Basically the following two statements were made:

  • everything is in the cloud, no on-premise or no local databases
  • DB should be part of the CI/CD

It was difficult for me to agree on the first point, being based in South Africa there are absolutely no proper cloud providers – next hop is AWS London. And anyone who has ever connected his local webapp to a remote MySQL knows how quick a higher latency (>10ms) can make working locally a pita.

While I do agree that the DB should be part of the CI/CD, there is still a huge benefit (especially in efficiency and speed) when developing locally – and also not having to rely on seeded data.

Disappointed of no solutions I decided to go on my own against all odds, and with the support of our CTOs + wonderful person in our finance to allocate some budget for on-premise hardware (specs for the geeks like me: i7-6700 / 64GB RAM / 4x 256GB SSD @RAID10 / UPS).

Step 1: create a database service

We will use the database service to actual host the databases. I use Jenkins to nightly run a simple downstream job that mysqldump‘s production database (it ignores some larger tables that are not needed), anonymises the data (emails + mobile-numbers), pushes the dump to a predictable location (which is accessible internally by devs).

From there, the database service will launch three (one shared amongst devs, one for experimental tests cases / usage, one for our automated builds – see step 2) VMs that have MySQL running on them, import the above dump, then create a snapshot of the storage drive. I use Virtualbox as I had extensive experiencing using it in a programmatic way, but if I’d redo the architecture I would most probably do it with libvirt/qemu.

I created a small web interface as well:

database services (dbs)

With database services (dbs) the following goals have been achieved:

  • a developer has access to an anonymised production database that is never older than 24hrs
  • the dev can either download the dump and run it on its local machine, or directly connect to “dbs” (database services) – which will be especially fast from within the office
  • due to the usage of snapshots, should anything happen to the database it is possible to restore the state of last night in less than a minute (!!) – which is much faster than any AWS RDS snapshot restore and it does not involve any config changes (e.g. in-place restore)
  • Staging & QA still use a shared DB in the cloud, however due to the separation, issues on either side do not interfere with the whole team

Dbs has been running for quite a while and it solved a good amount of issues. However we were still getting the occasional botched staging deploy or failed master-build due to us only running a very optimistic/superficial check on database migrations.

This is due to us only running artisan migrate ( against a empty database in our CI builds (for predictability reasons). Meaning, builds would only fail if there was a PHP or SQL syntax error, not if the migration itself were faulty on production data. The easiest way to demonstrate a fail would be to add a unique-index on a column – perfectly fine on a empty database, not so much on production with potential duplicate values already existing.

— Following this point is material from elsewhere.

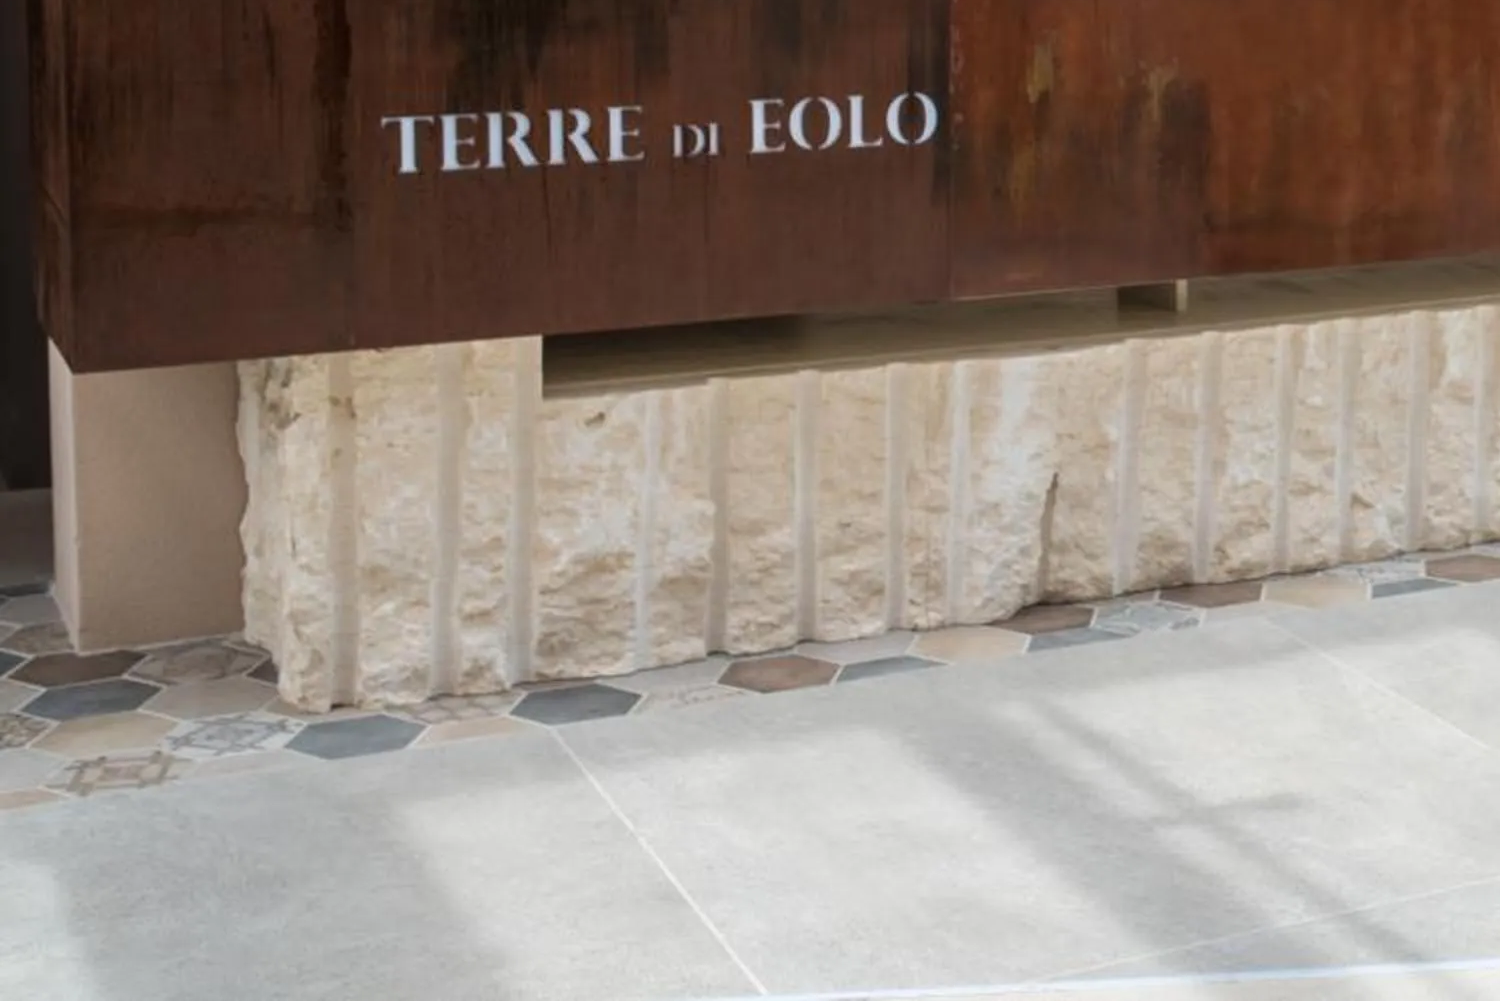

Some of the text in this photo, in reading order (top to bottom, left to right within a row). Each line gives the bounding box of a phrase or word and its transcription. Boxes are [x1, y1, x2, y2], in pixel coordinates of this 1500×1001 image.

[381, 91, 938, 174] TERRE DI EOLO
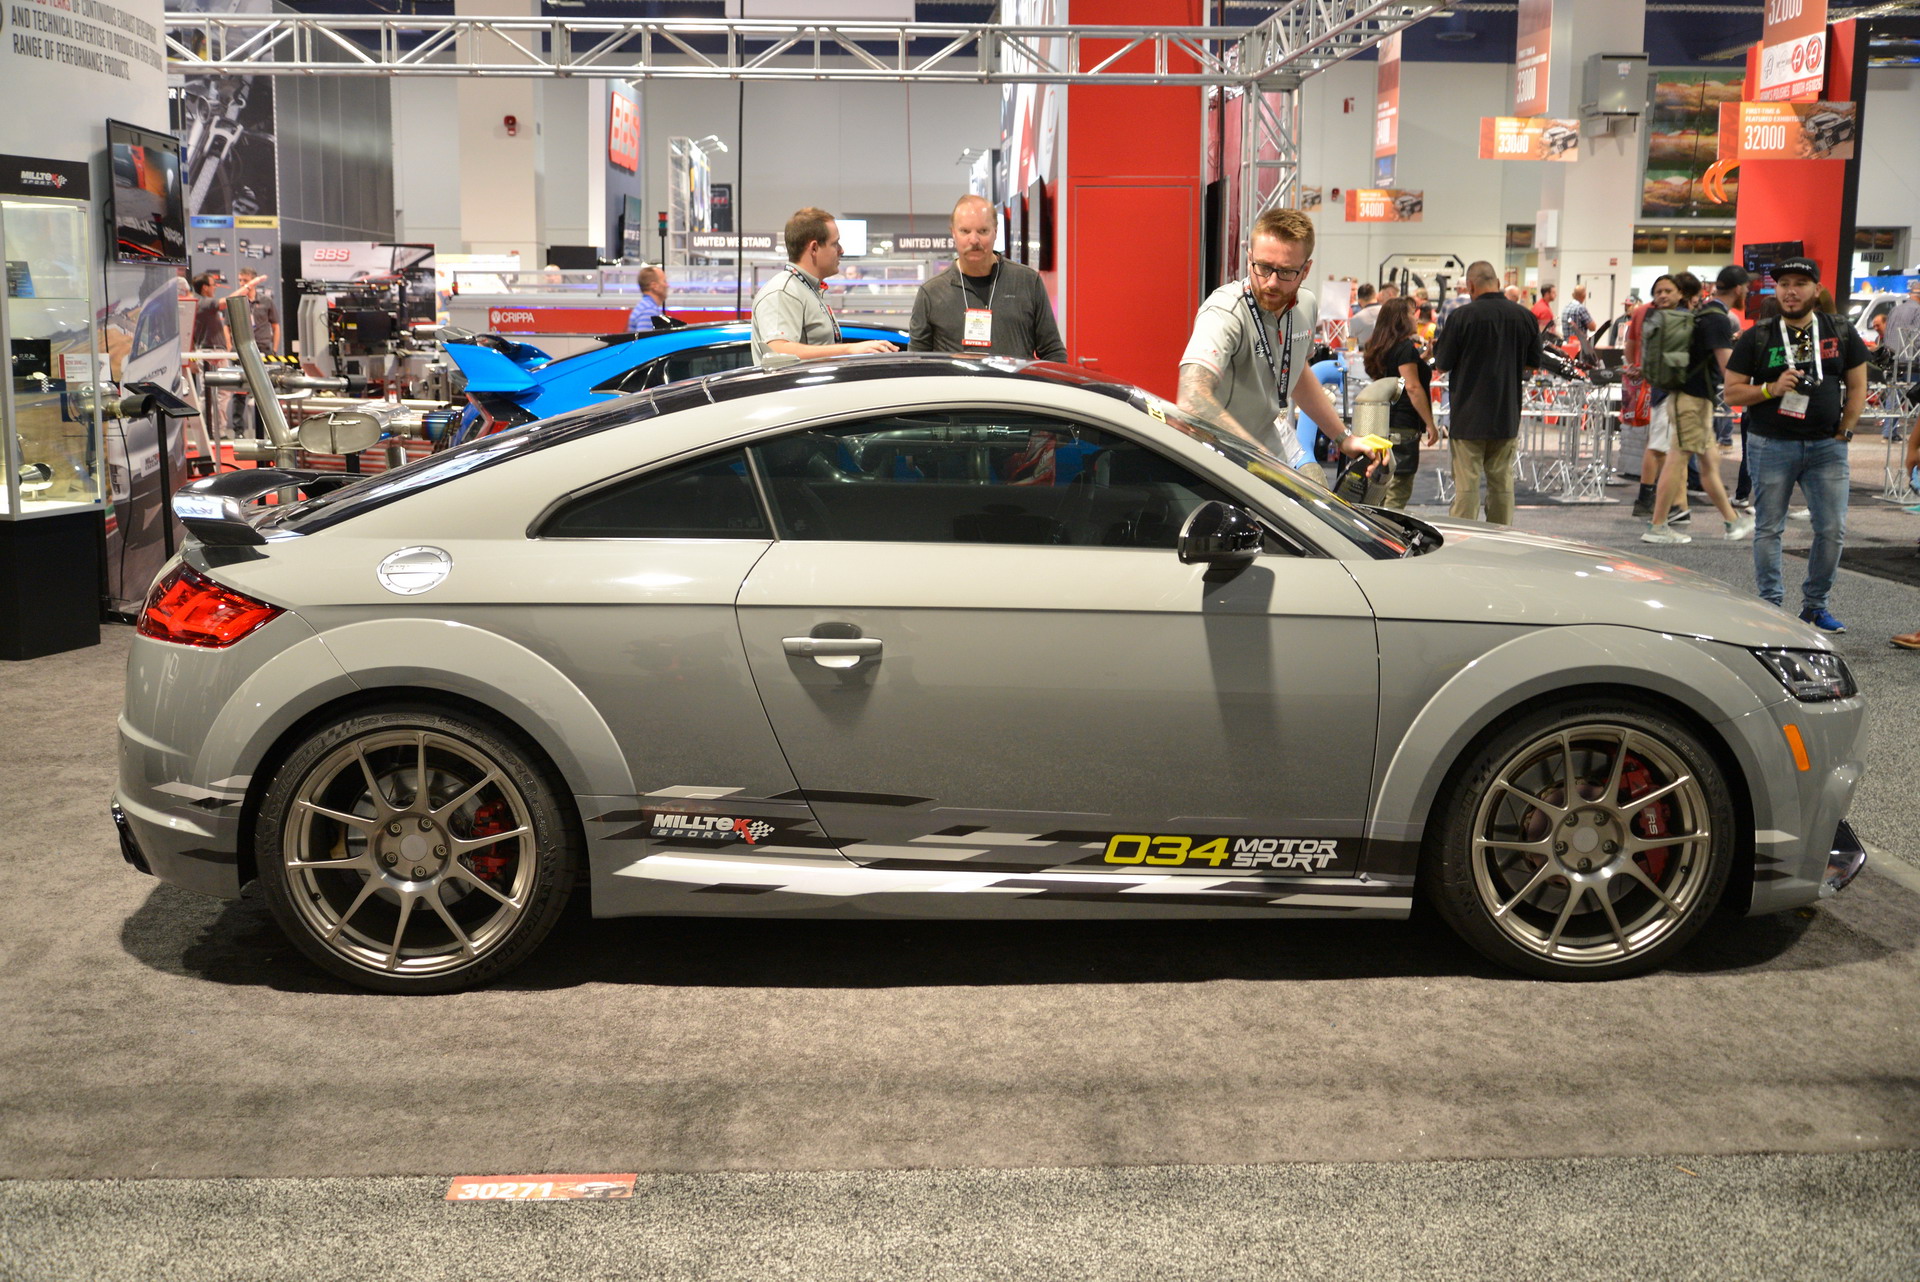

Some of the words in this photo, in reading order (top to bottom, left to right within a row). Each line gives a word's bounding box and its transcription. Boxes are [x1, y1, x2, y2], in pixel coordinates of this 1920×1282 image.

Step 2: run builds against prod data

The safest way to make sure that your database migrations are sound & proof is to actually run it against production data, as that is what will be ultimately the case on a production deploy anyways.

Fortunately we do not need to run every build against prod snapshot, as we are only interested if anything within the /database/migrations/ folder changes.

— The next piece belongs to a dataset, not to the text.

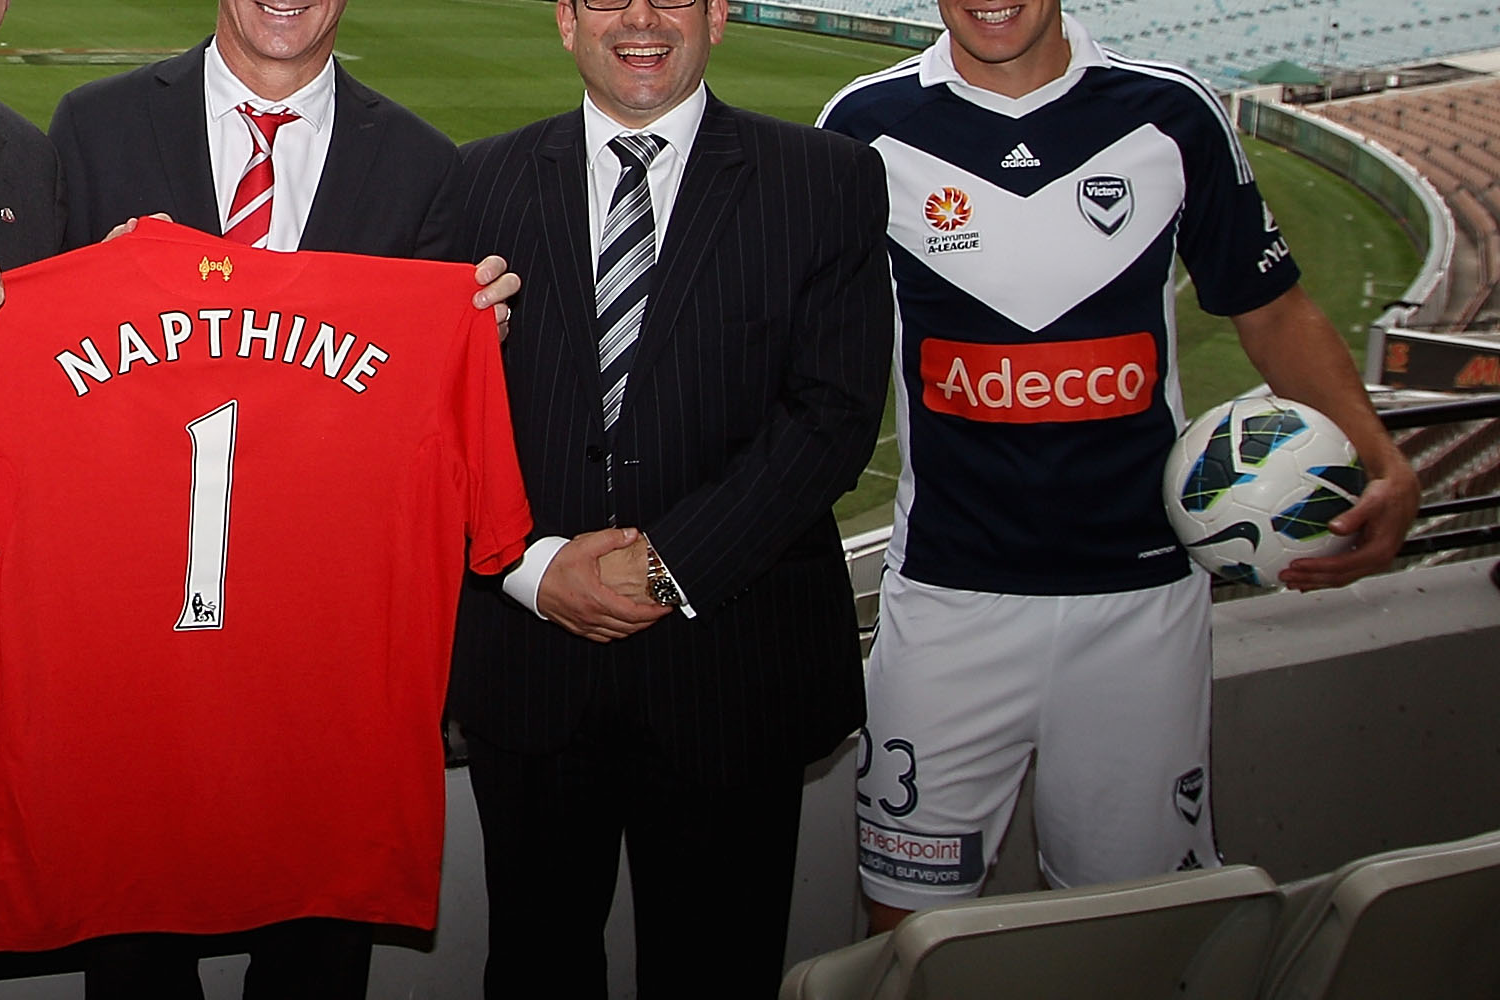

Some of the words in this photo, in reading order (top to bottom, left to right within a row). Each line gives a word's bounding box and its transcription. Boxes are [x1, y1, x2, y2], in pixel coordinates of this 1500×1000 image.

I created an additional Jenkins job that runs on every PR and with the help of a little bash + the Github API, I can check if a migration was actually part of the code changes or not, and only then will the build further proceed.

I am taking advantage of dbs from step 1, which due to the fast restore capability I can run artisan migrate nearly every minute without the DB losing its original state, which is important for repeatable builds of course.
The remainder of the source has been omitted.